The core innovation here is the credential vault system. When you spin up a sandbox pod in Kubernetes, its environment contains only stub credentials—something like GITHUB_TOKEN=stub_github_a8f1. Every time an agent tries to make an outbound TLS connection, the vault intercepts it and swaps those stubs for your real keys on-the-fly. The agent never sees what it's actually using. You get bypass-permissions-level agent capabilities without the 'oops I committed my production AWS keys' nightmare.

Getting Started: Lap CLI and Local Dev

The platform ships with a terminal-first interface called lap ( LiteLLM Agent Platform, naturally). Install it via npm from the repo's cli directory, symlink the binary to your path, point it at your running instance, and you're off. Running lap run claude-code or lap run codex spins up a fresh Kubernetes pod, attaches your local terminal to its TTY over WebSocket, and drops you straight into an interactive agent session. Detach with Ctrl-D and the sandbox stays alive for 24 hours.

Self-Hosting Options: Kind for Dev, EKS for Prod

For local development, bin/kind-up.sh provisions a kind cluster named agent-sbx, installs the agent-sandbox controller from kubernetes-sigs, and loads the harness image. Docker Compose bootstraps Postgres, runs schema migrations, and spins up the web UI on port 3000 plus a worker process. The recommended production path leans on AWS EKS for the sandbox cluster and Render for the web/worker tier—BerriAI provides an eks-up.sh script and a one-click Render Blueprint in the deploy directory.

Developer API for Programmatic Control

Power users can skip both CLI and web UI entirely. The platform exposes REST endpoints for creating agents, opening sessions, sending messages, and reading replies. Check docs/spawn-task-agent.md and src/server/DEVELOPER.md for the full API surface.

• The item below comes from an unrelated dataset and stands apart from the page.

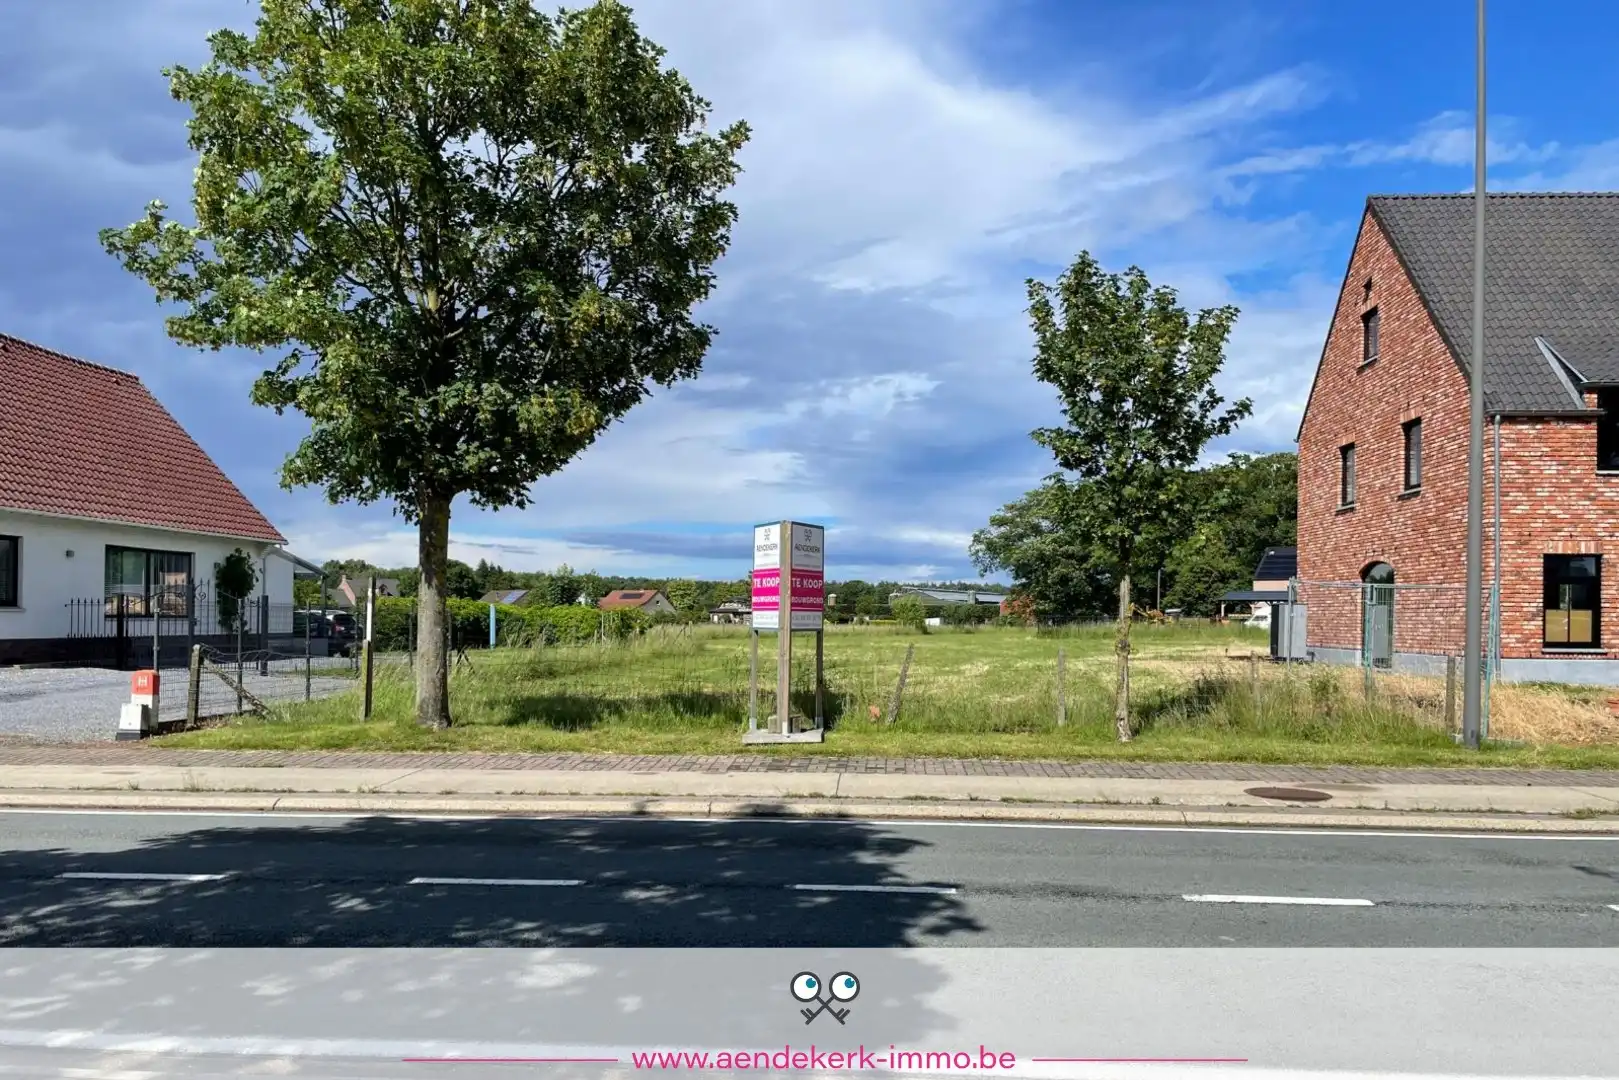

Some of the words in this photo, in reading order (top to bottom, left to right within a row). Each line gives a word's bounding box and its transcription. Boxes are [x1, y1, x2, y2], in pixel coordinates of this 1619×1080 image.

This makes it trivial to integrate sandboxed coding agents into existing CI/CD pipelines or internal tooling without human-in-the-loop workflows.

Key Takeaways

Credential vault architecture means zero credential exposure to agents, even with bypass-level permissions
Supports Claude Code, Codex, and any agent that runs in a terminal environment
Kubernetes-native via the official kubernetes-sigs/agent-sandbox CRD
Sessions persist 24 hours post-detach; pods are ephemeral by default otherwise
MIT licensed with no commercial restrictions—self-host anywhere

The Bottom Line

This is exactly the kind of infrastructure the AI coding agent ecosystem has been missing. Giving agents real capabilities without credential exposure has always required bespoke solutions or dangerous workarounds. LiteLLM Agent Platform standardizes that pattern, and the MIT license means anyone's free to fork it, audit it, or extend it for enterprise use cases. If you're running AI coding agents in any security-conscious environment, this is worth evaluating seriously.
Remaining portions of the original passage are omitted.